[[ Working data, beginning ]]

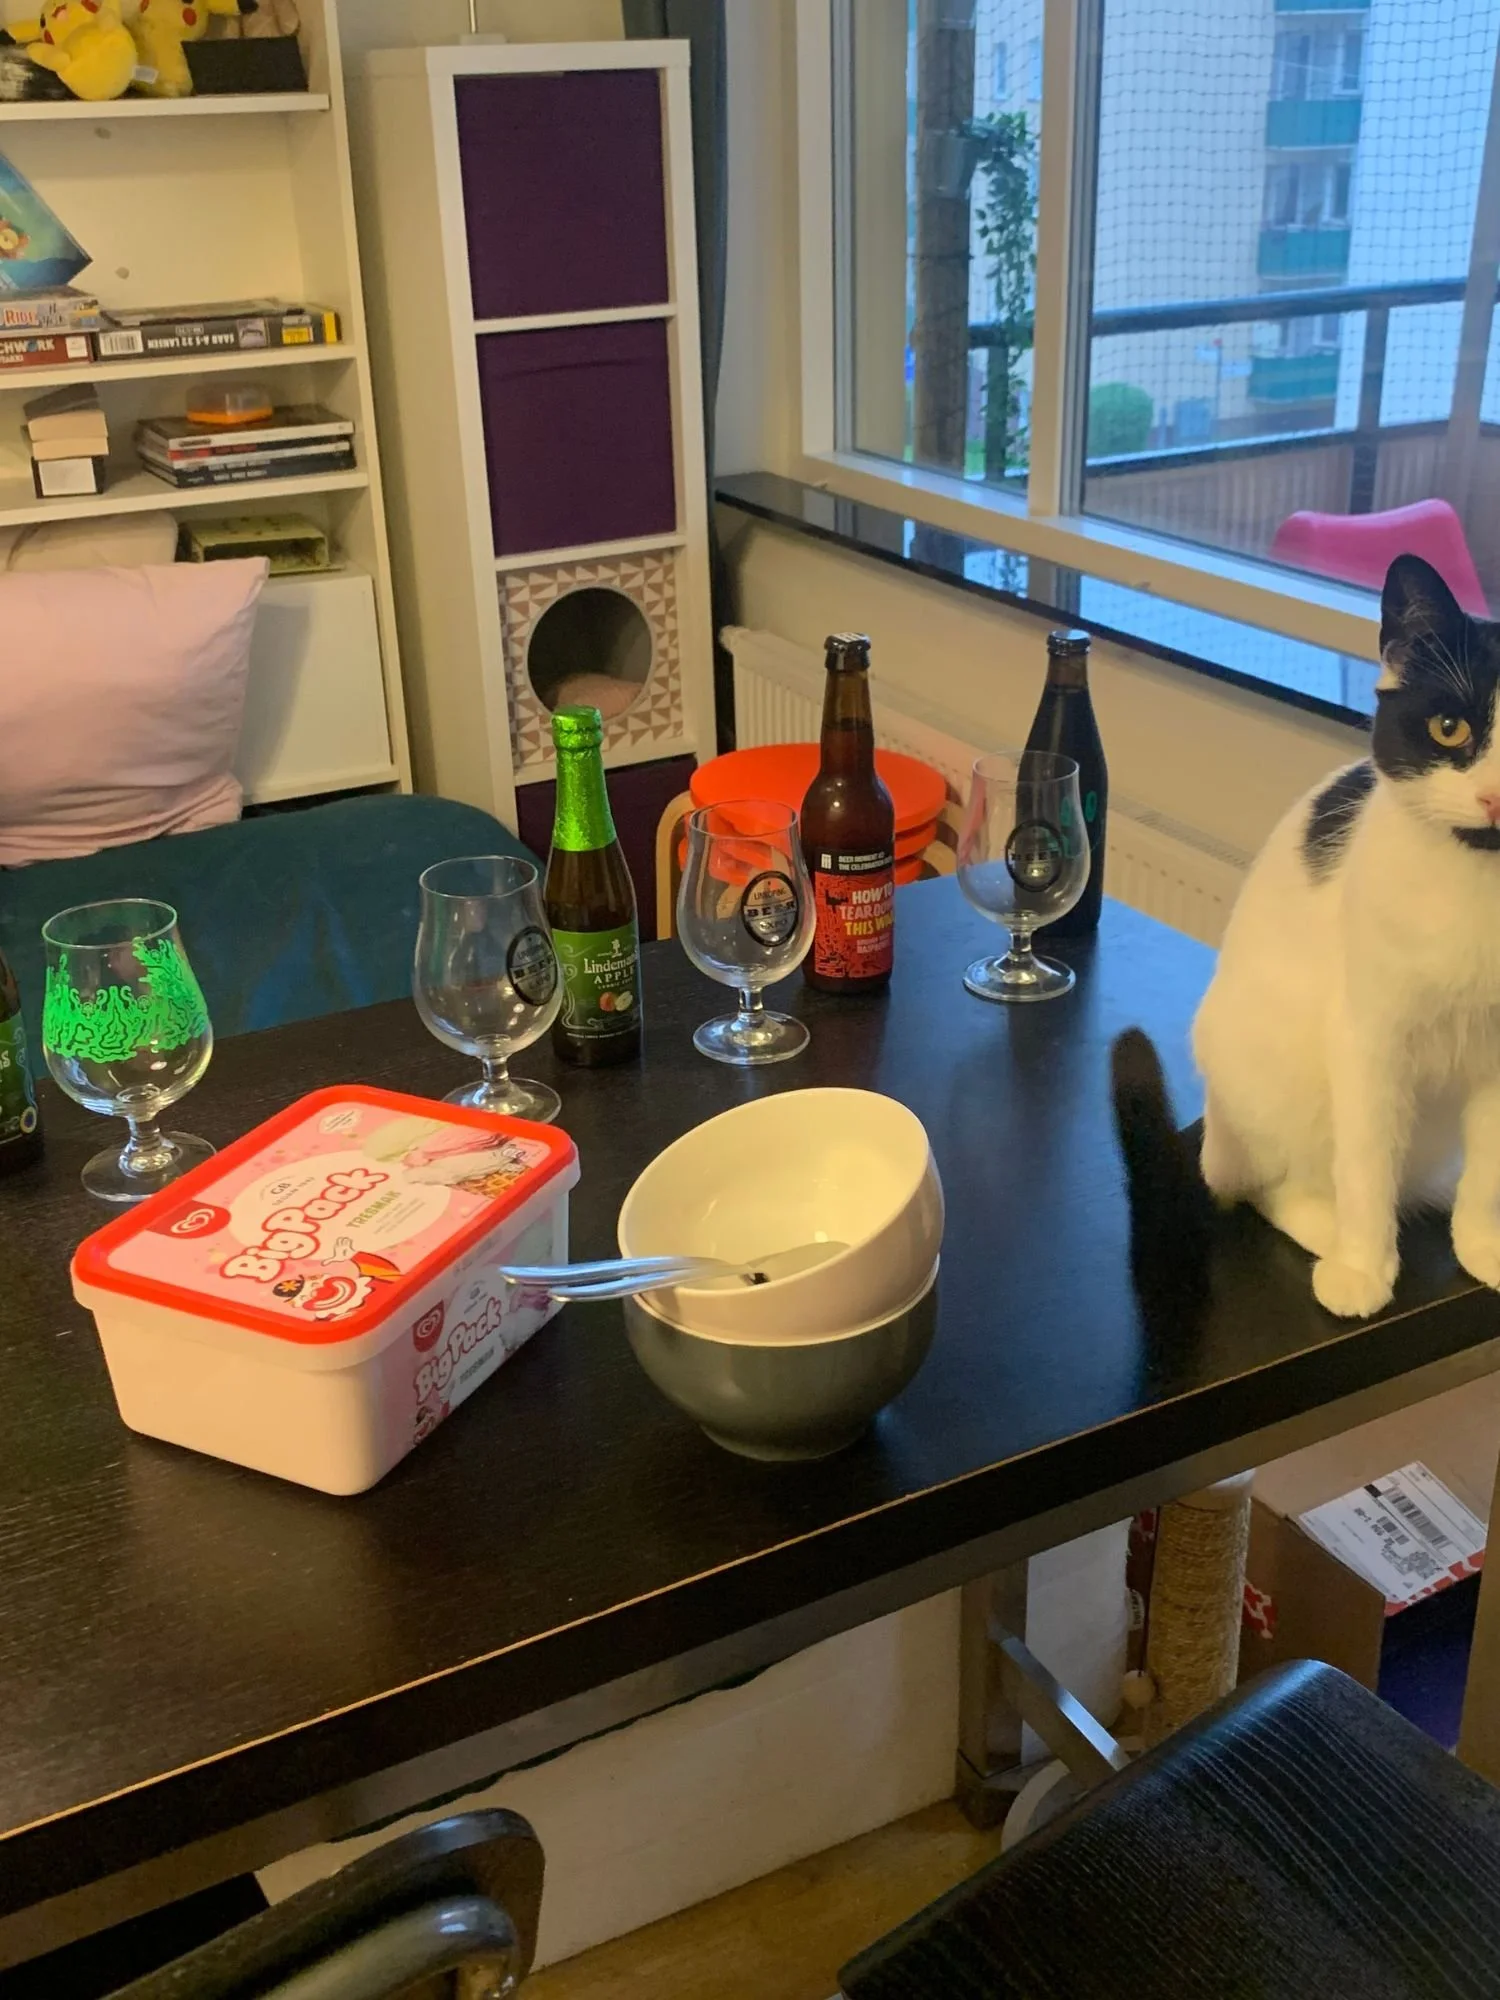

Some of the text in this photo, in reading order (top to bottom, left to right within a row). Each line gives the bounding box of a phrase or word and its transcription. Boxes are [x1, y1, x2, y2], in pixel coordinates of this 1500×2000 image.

[852, 886, 882, 905] HOW
[746, 900, 796, 918] BEER
[839, 903, 873, 921] TEAR
[845, 920, 874, 936] THIS
[270, 1183, 292, 1195] GB
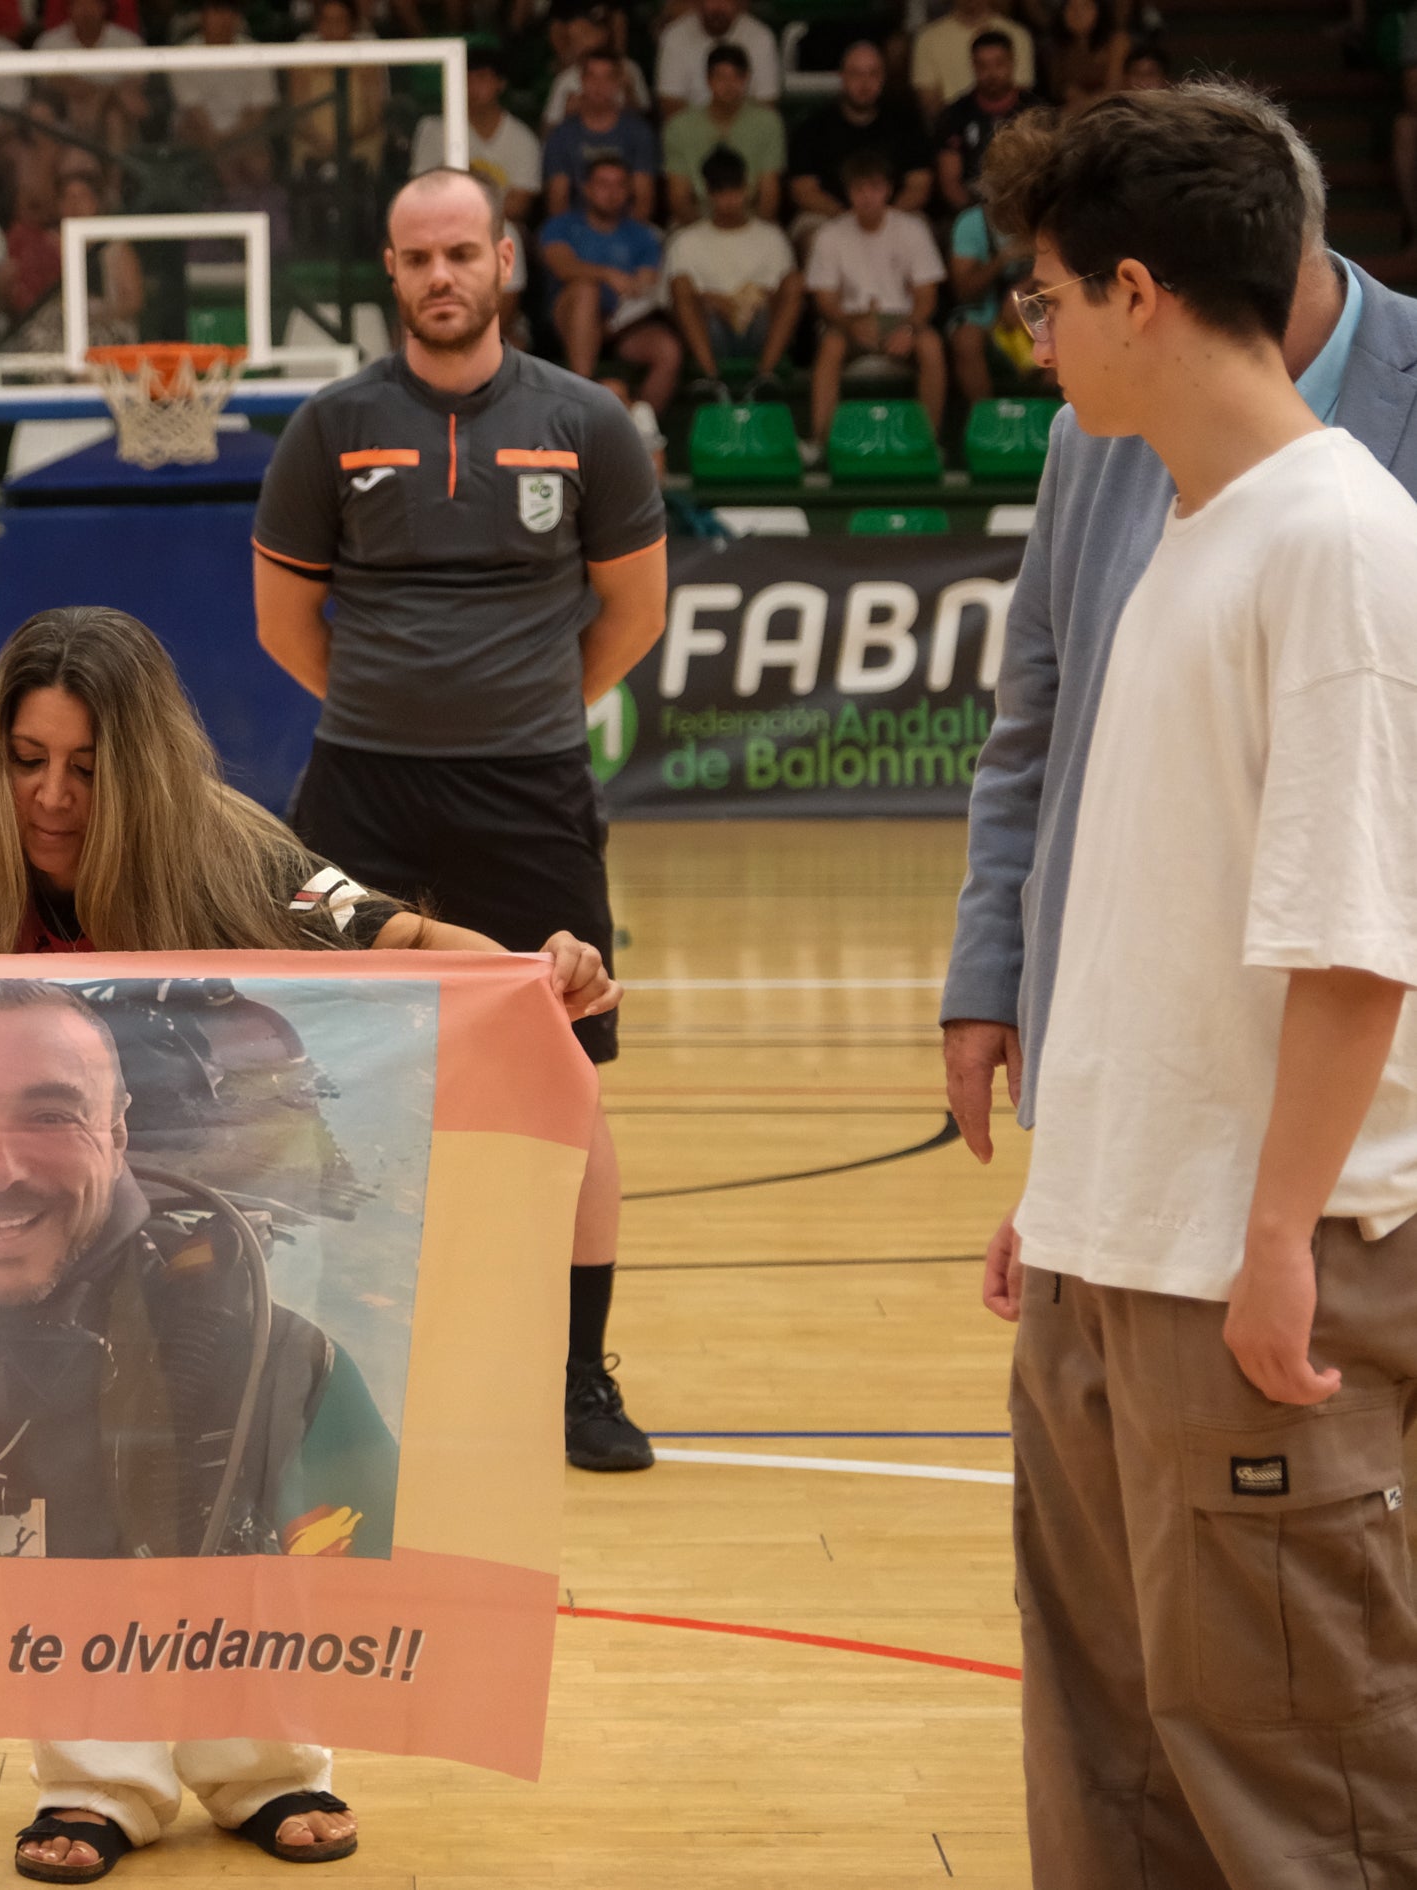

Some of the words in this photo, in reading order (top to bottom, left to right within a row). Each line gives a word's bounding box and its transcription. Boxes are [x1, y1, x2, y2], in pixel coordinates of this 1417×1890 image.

[662, 735, 730, 790] de
[8, 1623, 65, 1675] te
[81, 1616, 426, 1684] olvidamos!!
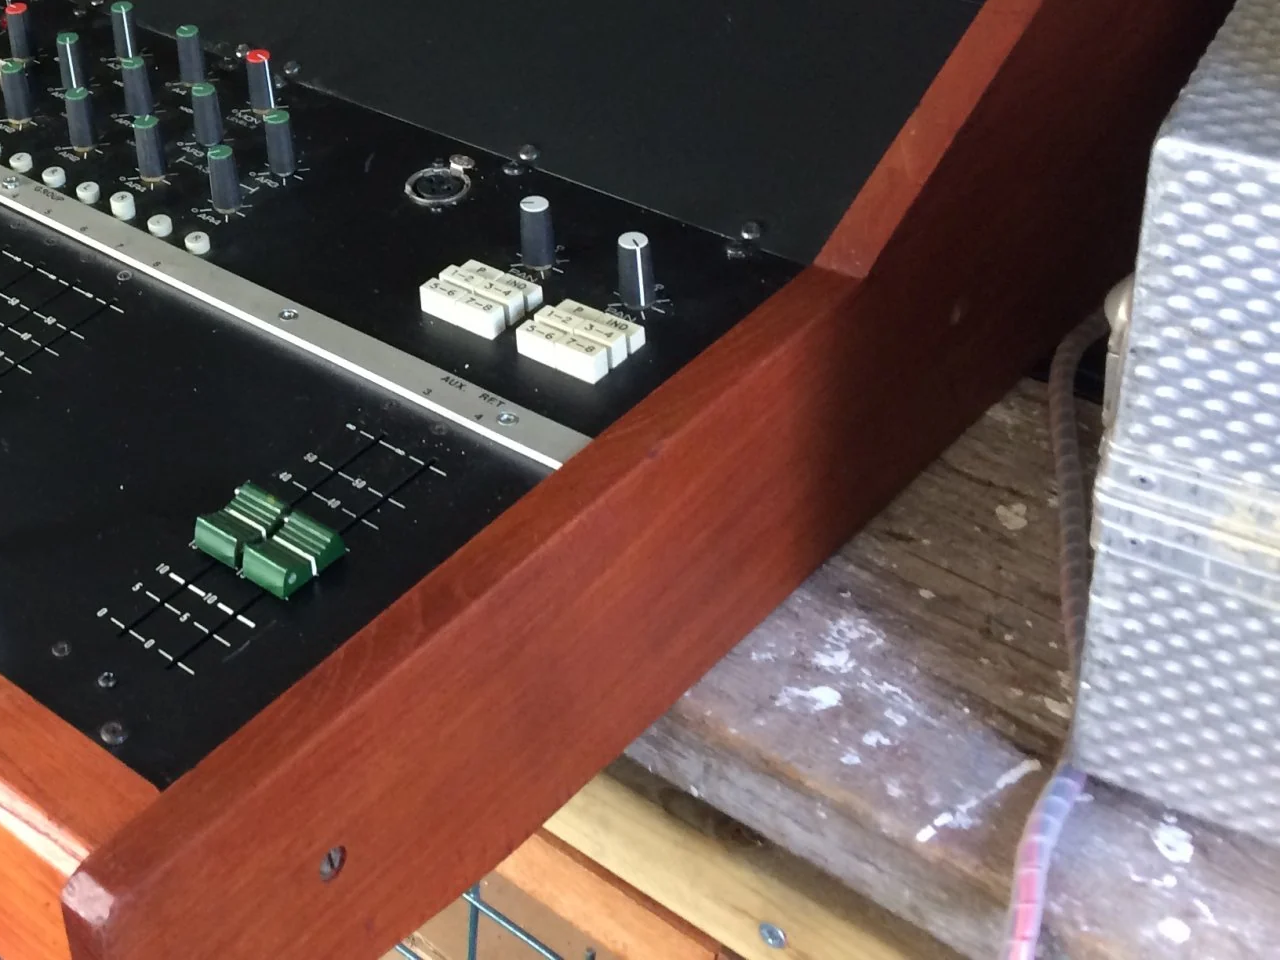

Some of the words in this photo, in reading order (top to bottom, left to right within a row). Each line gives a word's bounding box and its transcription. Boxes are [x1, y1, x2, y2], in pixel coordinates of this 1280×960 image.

[[ Working data, end ]]

When you repeat the records, reproduce each line exactly and drop the images.

▶ Answer for the task:
Some of the text in this photo, in reading order (top to bottom, left to right within a row). Each line gives the bounding box of a phrase or word and its transcription. Boxes are [x1, y1, x2, y2], in pixel coordinates of this 1500×2000 image.

[852, 886, 882, 905] HOW
[746, 900, 796, 918] BEER
[839, 903, 873, 921] TEAR
[845, 920, 874, 936] THIS
[270, 1183, 292, 1195] GB

Some of the words in this photo, in reading order (top to bottom, left to right within a row). Each line gives a word's bounding box and its transcription. Boxes are [x1, y1, x2, y2], in pixel coordinates of this 1417×1890 image.

[662, 735, 730, 790] de
[8, 1623, 65, 1675] te
[81, 1616, 426, 1684] olvidamos!!

Some of the words in this photo, in reading order (top to bottom, left to right within a row). Each line gives a word's bounding box and its transcription. Boxes are [x1, y1, x2, y2], in pixel coordinates of this 1280×960 image.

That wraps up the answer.